▶ [Brief] Setting aside any pictures, reproduce the data exactly.

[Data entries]
--

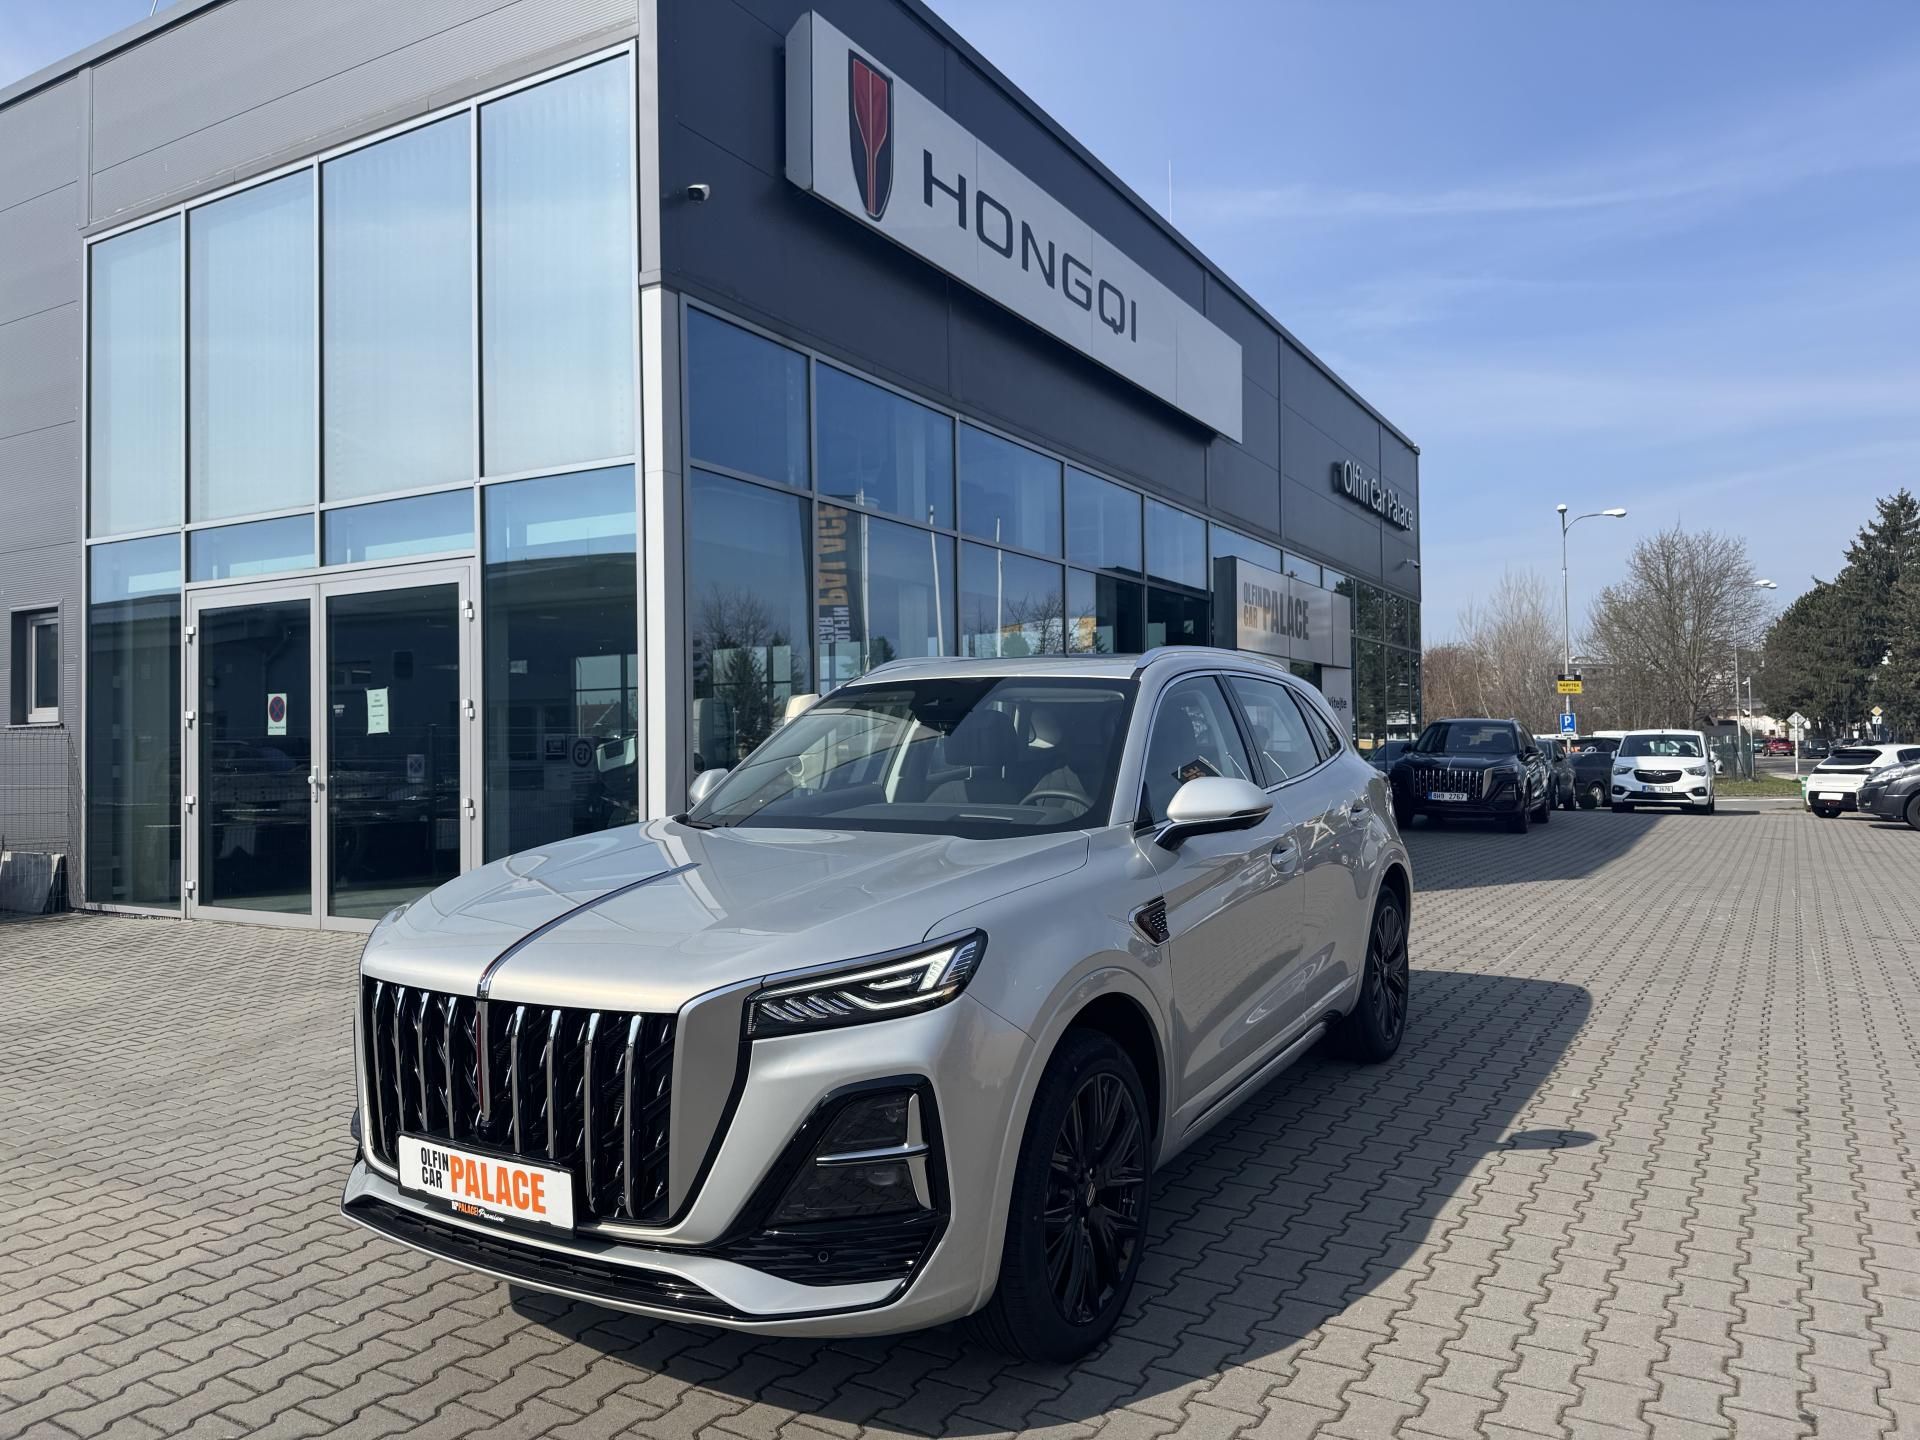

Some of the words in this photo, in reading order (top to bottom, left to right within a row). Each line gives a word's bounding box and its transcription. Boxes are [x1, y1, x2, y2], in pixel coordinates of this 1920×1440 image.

[923, 149, 1137, 344] HONGQI
[1344, 460, 1369, 505] Olfin
[1371, 478, 1386, 514] Car
[1387, 488, 1413, 531] Palace
[1243, 582, 1263, 608] OLFIN
[1243, 605, 1258, 629] CAR
[1263, 587, 1309, 641] PALACE
[1564, 715, 1571, 726] P
[421, 1147, 449, 1172] OLFIN
[422, 1167, 443, 1189] CAR
[449, 1154, 547, 1215] PALACE

--

▶ [Solution to the problem]
Some of the words in this photo, in reading order (top to bottom, left to right within a row). Each line gives a word's bounding box and its transcription. Boxes are [x1, y1, x2, y2], in pixel coordinates of this 1920×1440 image.

[923, 149, 1137, 344] HONGQI
[1344, 460, 1369, 505] Olfin
[1371, 478, 1386, 514] Car
[1387, 488, 1413, 531] Palace
[1243, 582, 1263, 608] OLFIN
[1243, 605, 1258, 629] CAR
[1263, 587, 1309, 641] PALACE
[1564, 715, 1571, 726] P
[421, 1147, 449, 1172] OLFIN
[422, 1167, 443, 1189] CAR
[449, 1154, 547, 1215] PALACE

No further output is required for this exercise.